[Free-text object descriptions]
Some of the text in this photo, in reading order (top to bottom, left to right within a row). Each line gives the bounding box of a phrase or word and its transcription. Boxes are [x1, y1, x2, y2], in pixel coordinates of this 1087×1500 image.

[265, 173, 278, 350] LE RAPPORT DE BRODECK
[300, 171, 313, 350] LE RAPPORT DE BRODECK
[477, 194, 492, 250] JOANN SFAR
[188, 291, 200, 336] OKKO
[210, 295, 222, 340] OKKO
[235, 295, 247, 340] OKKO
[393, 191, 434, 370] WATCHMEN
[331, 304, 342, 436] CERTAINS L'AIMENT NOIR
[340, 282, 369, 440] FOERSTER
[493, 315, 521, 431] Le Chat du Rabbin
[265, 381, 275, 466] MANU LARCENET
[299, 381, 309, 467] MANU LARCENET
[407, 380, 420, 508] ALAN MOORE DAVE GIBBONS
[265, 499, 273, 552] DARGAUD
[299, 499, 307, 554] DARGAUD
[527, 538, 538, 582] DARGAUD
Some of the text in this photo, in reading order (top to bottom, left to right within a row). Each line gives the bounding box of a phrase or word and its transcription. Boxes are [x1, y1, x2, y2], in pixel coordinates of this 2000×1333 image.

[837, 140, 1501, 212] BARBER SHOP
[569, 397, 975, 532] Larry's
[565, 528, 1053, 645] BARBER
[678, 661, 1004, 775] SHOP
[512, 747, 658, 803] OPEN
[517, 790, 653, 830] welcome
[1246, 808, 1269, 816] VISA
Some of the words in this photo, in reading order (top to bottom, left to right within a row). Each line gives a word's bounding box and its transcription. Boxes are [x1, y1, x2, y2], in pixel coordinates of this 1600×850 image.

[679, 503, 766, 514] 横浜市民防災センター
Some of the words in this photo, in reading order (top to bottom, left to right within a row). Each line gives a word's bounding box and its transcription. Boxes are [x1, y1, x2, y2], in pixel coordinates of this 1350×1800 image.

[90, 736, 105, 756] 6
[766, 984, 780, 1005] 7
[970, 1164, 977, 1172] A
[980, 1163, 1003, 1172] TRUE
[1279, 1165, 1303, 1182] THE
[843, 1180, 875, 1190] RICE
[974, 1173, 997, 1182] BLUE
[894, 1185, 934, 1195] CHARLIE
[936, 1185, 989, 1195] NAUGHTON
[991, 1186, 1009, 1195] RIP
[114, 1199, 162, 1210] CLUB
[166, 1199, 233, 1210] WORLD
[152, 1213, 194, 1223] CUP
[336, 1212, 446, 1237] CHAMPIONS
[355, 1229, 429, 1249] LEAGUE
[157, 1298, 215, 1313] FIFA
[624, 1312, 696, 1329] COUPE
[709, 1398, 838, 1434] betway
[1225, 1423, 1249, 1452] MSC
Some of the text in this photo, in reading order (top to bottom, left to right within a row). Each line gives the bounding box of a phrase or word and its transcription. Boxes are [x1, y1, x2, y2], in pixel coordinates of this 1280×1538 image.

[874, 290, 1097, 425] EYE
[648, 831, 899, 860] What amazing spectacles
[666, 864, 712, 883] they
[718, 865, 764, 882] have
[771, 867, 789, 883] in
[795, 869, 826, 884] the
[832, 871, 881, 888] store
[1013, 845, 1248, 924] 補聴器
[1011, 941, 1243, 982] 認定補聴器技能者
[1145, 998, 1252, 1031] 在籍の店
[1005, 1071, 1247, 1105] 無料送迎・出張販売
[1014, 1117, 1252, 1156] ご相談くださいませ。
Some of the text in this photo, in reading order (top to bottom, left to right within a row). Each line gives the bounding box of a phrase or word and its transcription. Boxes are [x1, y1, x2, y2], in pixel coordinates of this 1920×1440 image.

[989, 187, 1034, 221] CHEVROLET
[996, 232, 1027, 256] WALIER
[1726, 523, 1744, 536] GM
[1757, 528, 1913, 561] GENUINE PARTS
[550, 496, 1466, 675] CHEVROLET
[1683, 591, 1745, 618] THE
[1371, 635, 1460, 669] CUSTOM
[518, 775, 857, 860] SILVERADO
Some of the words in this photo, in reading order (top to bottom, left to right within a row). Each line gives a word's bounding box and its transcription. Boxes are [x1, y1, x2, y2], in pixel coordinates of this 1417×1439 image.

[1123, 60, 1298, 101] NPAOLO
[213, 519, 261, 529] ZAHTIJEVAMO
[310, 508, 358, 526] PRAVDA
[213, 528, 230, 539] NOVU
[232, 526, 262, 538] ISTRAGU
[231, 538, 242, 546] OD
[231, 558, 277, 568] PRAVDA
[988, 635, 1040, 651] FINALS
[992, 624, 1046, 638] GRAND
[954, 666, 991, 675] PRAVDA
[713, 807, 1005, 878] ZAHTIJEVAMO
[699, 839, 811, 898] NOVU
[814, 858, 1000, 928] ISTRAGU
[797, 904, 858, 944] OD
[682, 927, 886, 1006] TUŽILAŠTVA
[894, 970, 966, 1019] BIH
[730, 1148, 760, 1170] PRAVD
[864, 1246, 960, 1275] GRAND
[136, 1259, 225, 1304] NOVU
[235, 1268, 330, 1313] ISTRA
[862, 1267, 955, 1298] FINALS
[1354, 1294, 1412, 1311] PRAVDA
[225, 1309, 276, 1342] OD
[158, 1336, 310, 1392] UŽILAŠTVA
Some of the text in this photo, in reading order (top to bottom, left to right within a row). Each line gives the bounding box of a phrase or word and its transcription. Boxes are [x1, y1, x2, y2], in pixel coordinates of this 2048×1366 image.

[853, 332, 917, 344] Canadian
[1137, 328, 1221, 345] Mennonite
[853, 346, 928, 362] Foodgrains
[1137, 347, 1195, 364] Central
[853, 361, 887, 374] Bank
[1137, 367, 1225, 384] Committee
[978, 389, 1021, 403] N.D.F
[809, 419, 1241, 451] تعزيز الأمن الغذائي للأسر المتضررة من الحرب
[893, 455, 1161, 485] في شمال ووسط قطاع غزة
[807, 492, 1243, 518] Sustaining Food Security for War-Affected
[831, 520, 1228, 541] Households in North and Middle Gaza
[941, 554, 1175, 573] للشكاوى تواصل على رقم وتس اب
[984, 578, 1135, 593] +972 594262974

§ **Work instructions**
All of the records above are to be set down again exactly.

§ **Task answer**
Some of the text in this photo, in reading order (top to bottom, left to right within a row). Each line gives the bounding box of a phrase or word and its transcription. Boxes are [x1, y1, x2, y2], in pixel coordinates of this 1087×1500 image.

[265, 173, 278, 350] LE RAPPORT DE BRODECK
[300, 171, 313, 350] LE RAPPORT DE BRODECK
[477, 194, 492, 250] JOANN SFAR
[188, 291, 200, 336] OKKO
[210, 295, 222, 340] OKKO
[235, 295, 247, 340] OKKO
[393, 191, 434, 370] WATCHMEN
[331, 304, 342, 436] CERTAINS L'AIMENT NOIR
[340, 282, 369, 440] FOERSTER
[493, 315, 521, 431] Le Chat du Rabbin
[265, 381, 275, 466] MANU LARCENET
[299, 381, 309, 467] MANU LARCENET
[407, 380, 420, 508] ALAN MOORE DAVE GIBBONS
[265, 499, 273, 552] DARGAUD
[299, 499, 307, 554] DARGAUD
[527, 538, 538, 582] DARGAUD
Some of the text in this photo, in reading order (top to bottom, left to right within a row). Each line gives the bounding box of a phrase or word and its transcription. Boxes are [x1, y1, x2, y2], in pixel coordinates of this 2000×1333 image.

[837, 140, 1501, 212] BARBER SHOP
[569, 397, 975, 532] Larry's
[565, 528, 1053, 645] BARBER
[678, 661, 1004, 775] SHOP
[512, 747, 658, 803] OPEN
[517, 790, 653, 830] welcome
[1246, 808, 1269, 816] VISA
Some of the words in this photo, in reading order (top to bottom, left to right within a row). Each line gives a word's bounding box and its transcription. Boxes are [x1, y1, x2, y2], in pixel coordinates of this 1600×850 image.

[679, 503, 766, 514] 横浜市民防災センター
Some of the words in this photo, in reading order (top to bottom, left to right within a row). Each line gives a word's bounding box and its transcription. Boxes are [x1, y1, x2, y2], in pixel coordinates of this 1350×1800 image.

[90, 736, 105, 756] 6
[766, 984, 780, 1005] 7
[970, 1164, 977, 1172] A
[980, 1163, 1003, 1172] TRUE
[1279, 1165, 1303, 1182] THE
[843, 1180, 875, 1190] RICE
[974, 1173, 997, 1182] BLUE
[894, 1185, 934, 1195] CHARLIE
[936, 1185, 989, 1195] NAUGHTON
[991, 1186, 1009, 1195] RIP
[114, 1199, 162, 1210] CLUB
[166, 1199, 233, 1210] WORLD
[152, 1213, 194, 1223] CUP
[336, 1212, 446, 1237] CHAMPIONS
[355, 1229, 429, 1249] LEAGUE
[157, 1298, 215, 1313] FIFA
[624, 1312, 696, 1329] COUPE
[709, 1398, 838, 1434] betway
[1225, 1423, 1249, 1452] MSC
Some of the text in this photo, in reading order (top to bottom, left to right within a row). Each line gives the bounding box of a phrase or word and its transcription. Boxes are [x1, y1, x2, y2], in pixel coordinates of this 1280×1538 image.

[874, 290, 1097, 425] EYE
[648, 831, 899, 860] What amazing spectacles
[666, 864, 712, 883] they
[718, 865, 764, 882] have
[771, 867, 789, 883] in
[795, 869, 826, 884] the
[832, 871, 881, 888] store
[1013, 845, 1248, 924] 補聴器
[1011, 941, 1243, 982] 認定補聴器技能者
[1145, 998, 1252, 1031] 在籍の店
[1005, 1071, 1247, 1105] 無料送迎・出張販売
[1014, 1117, 1252, 1156] ご相談くださいませ。
Some of the text in this photo, in reading order (top to bottom, left to right within a row). Each line gives the bounding box of a phrase or word and its transcription. Boxes are [x1, y1, x2, y2], in pixel coordinates of this 1920×1440 image.

[989, 187, 1034, 221] CHEVROLET
[996, 232, 1027, 256] WALIER
[1726, 523, 1744, 536] GM
[1757, 528, 1913, 561] GENUINE PARTS
[550, 496, 1466, 675] CHEVROLET
[1683, 591, 1745, 618] THE
[1371, 635, 1460, 669] CUSTOM
[518, 775, 857, 860] SILVERADO
Some of the words in this photo, in reading order (top to bottom, left to right within a row). Each line gives a word's bounding box and its transcription. Boxes are [x1, y1, x2, y2], in pixel coordinates of this 1417×1439 image.

[1123, 60, 1298, 101] NPAOLO
[213, 519, 261, 529] ZAHTIJEVAMO
[310, 508, 358, 526] PRAVDA
[213, 528, 230, 539] NOVU
[232, 526, 262, 538] ISTRAGU
[231, 538, 242, 546] OD
[231, 558, 277, 568] PRAVDA
[988, 635, 1040, 651] FINALS
[992, 624, 1046, 638] GRAND
[954, 666, 991, 675] PRAVDA
[713, 807, 1005, 878] ZAHTIJEVAMO
[699, 839, 811, 898] NOVU
[814, 858, 1000, 928] ISTRAGU
[797, 904, 858, 944] OD
[682, 927, 886, 1006] TUŽILAŠTVA
[894, 970, 966, 1019] BIH
[730, 1148, 760, 1170] PRAVD
[864, 1246, 960, 1275] GRAND
[136, 1259, 225, 1304] NOVU
[235, 1268, 330, 1313] ISTRA
[862, 1267, 955, 1298] FINALS
[1354, 1294, 1412, 1311] PRAVDA
[225, 1309, 276, 1342] OD
[158, 1336, 310, 1392] UŽILAŠTVA
Some of the text in this photo, in reading order (top to bottom, left to right within a row). Each line gives the bounding box of a phrase or word and its transcription. Boxes are [x1, y1, x2, y2], in pixel coordinates of this 2048×1366 image.

[853, 332, 917, 344] Canadian
[1137, 328, 1221, 345] Mennonite
[853, 346, 928, 362] Foodgrains
[1137, 347, 1195, 364] Central
[853, 361, 887, 374] Bank
[1137, 367, 1225, 384] Committee
[978, 389, 1021, 403] N.D.F
[809, 419, 1241, 451] تعزيز الأمن الغذائي للأسر المتضررة من الحرب
[893, 455, 1161, 485] في شمال ووسط قطاع غزة
[807, 492, 1243, 518] Sustaining Food Security for War-Affected
[831, 520, 1228, 541] Households in North and Middle Gaza
[941, 554, 1175, 573] للشكاوى تواصل على رقم وتس اب
[984, 578, 1135, 593] +972 594262974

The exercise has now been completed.